__What is being asked__
Could the listing be repeated exactly, with every picture dropped?

__Extracted entries__
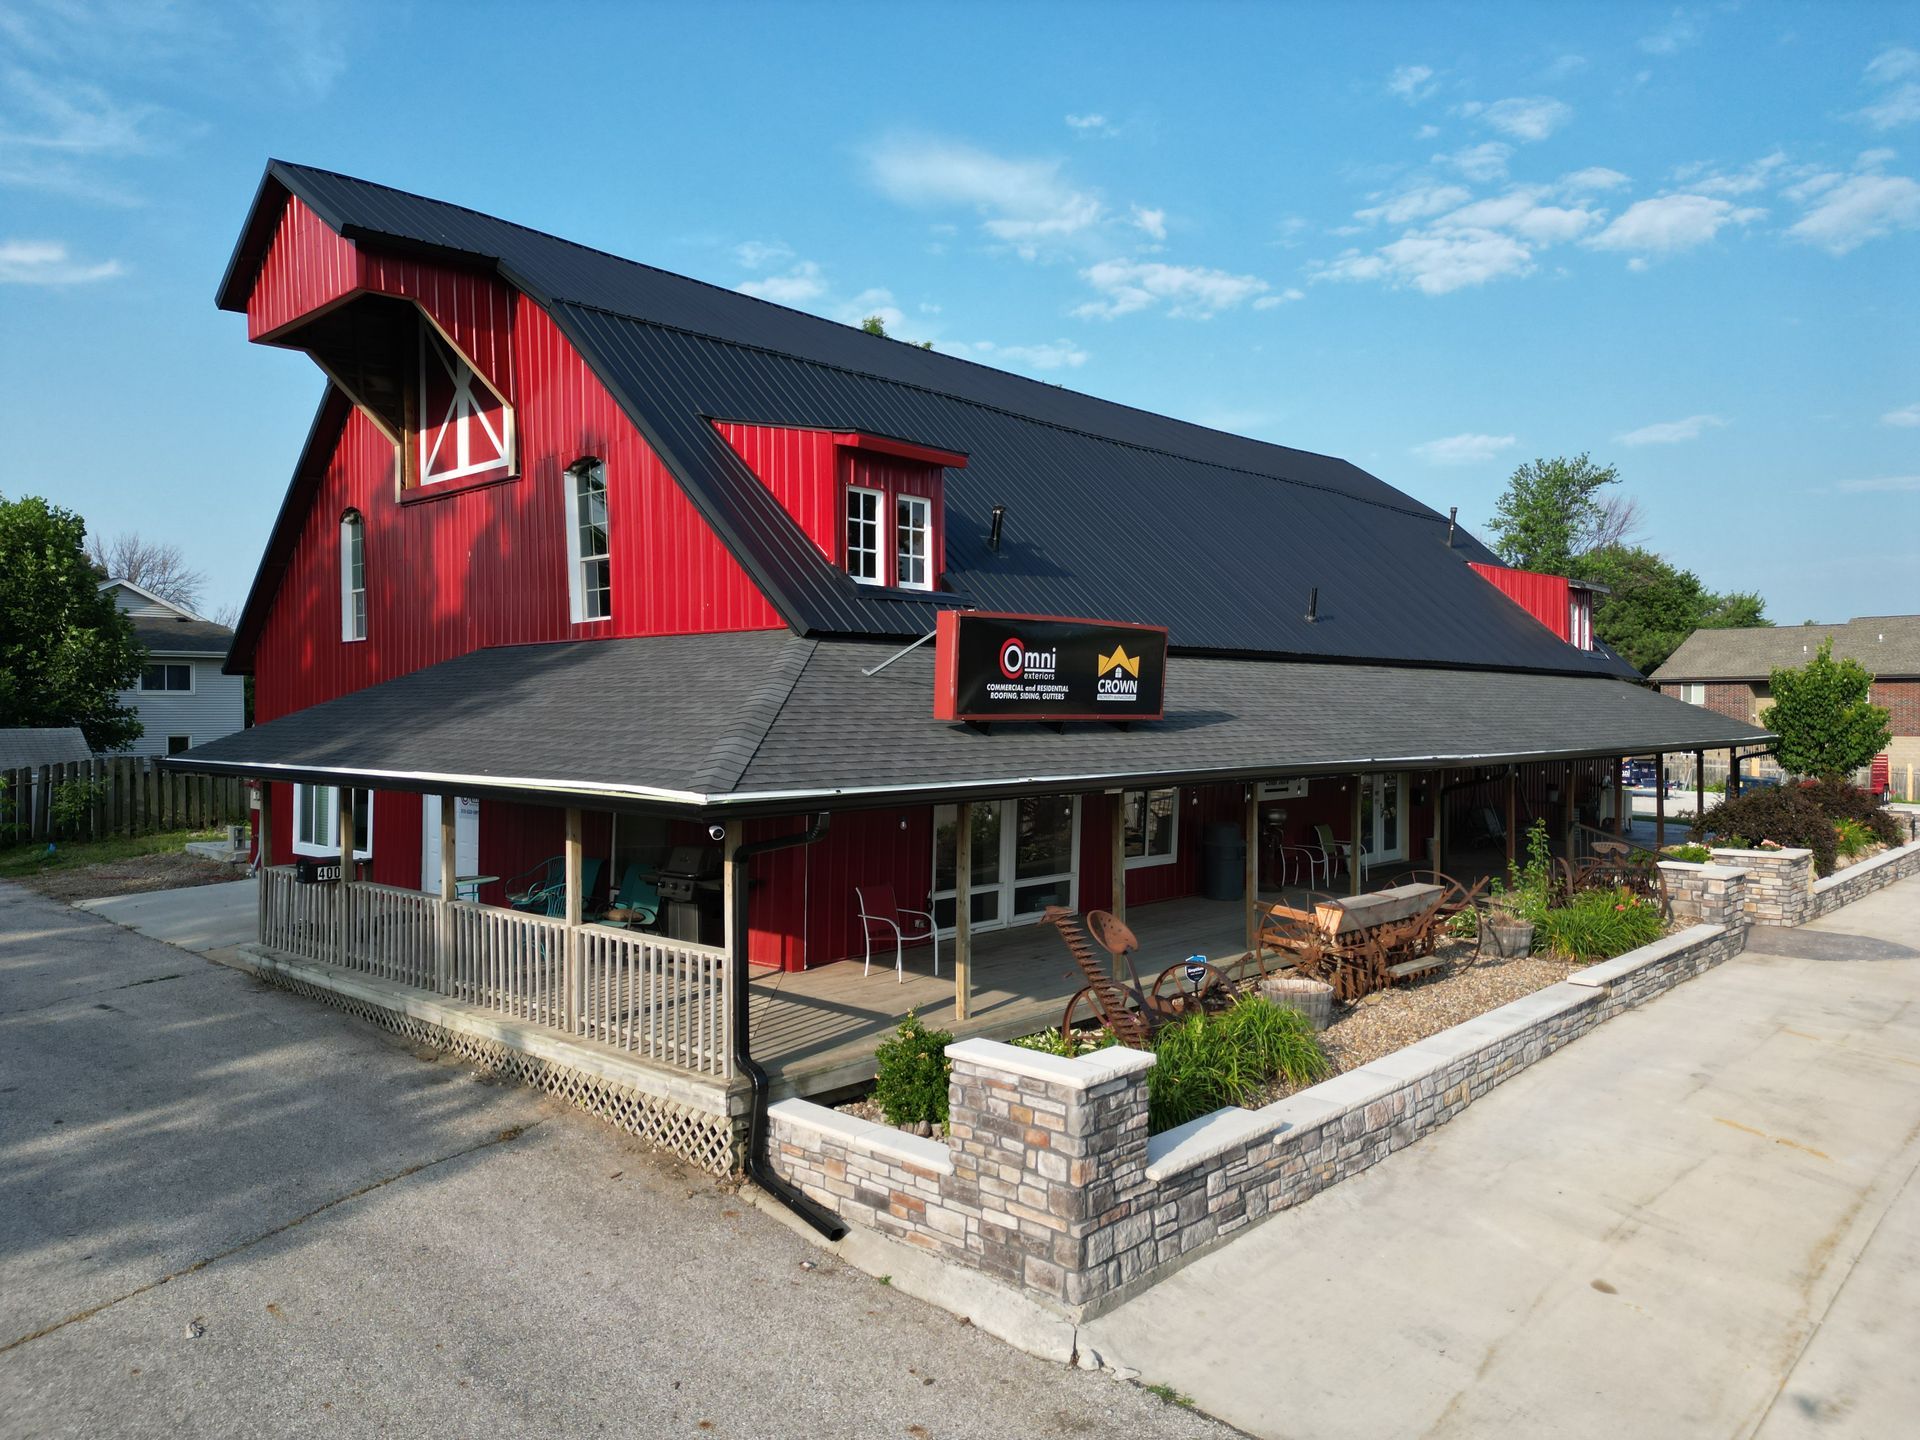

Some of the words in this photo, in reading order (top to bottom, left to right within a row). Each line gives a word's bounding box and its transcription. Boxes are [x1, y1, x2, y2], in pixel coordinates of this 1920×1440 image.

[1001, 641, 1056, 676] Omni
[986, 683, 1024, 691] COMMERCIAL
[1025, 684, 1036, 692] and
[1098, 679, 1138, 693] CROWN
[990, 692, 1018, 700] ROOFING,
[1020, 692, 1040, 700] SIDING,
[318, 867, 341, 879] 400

__Result of this task__
Some of the words in this photo, in reading order (top to bottom, left to right within a row). Each line gives a word's bounding box and its transcription. Boxes are [x1, y1, x2, y2], in pixel coordinates of this 1920×1440 image.

[1001, 641, 1056, 676] Omni
[986, 683, 1024, 691] COMMERCIAL
[1025, 684, 1036, 692] and
[1098, 679, 1138, 693] CROWN
[990, 692, 1018, 700] ROOFING,
[1020, 692, 1040, 700] SIDING,
[318, 867, 341, 879] 400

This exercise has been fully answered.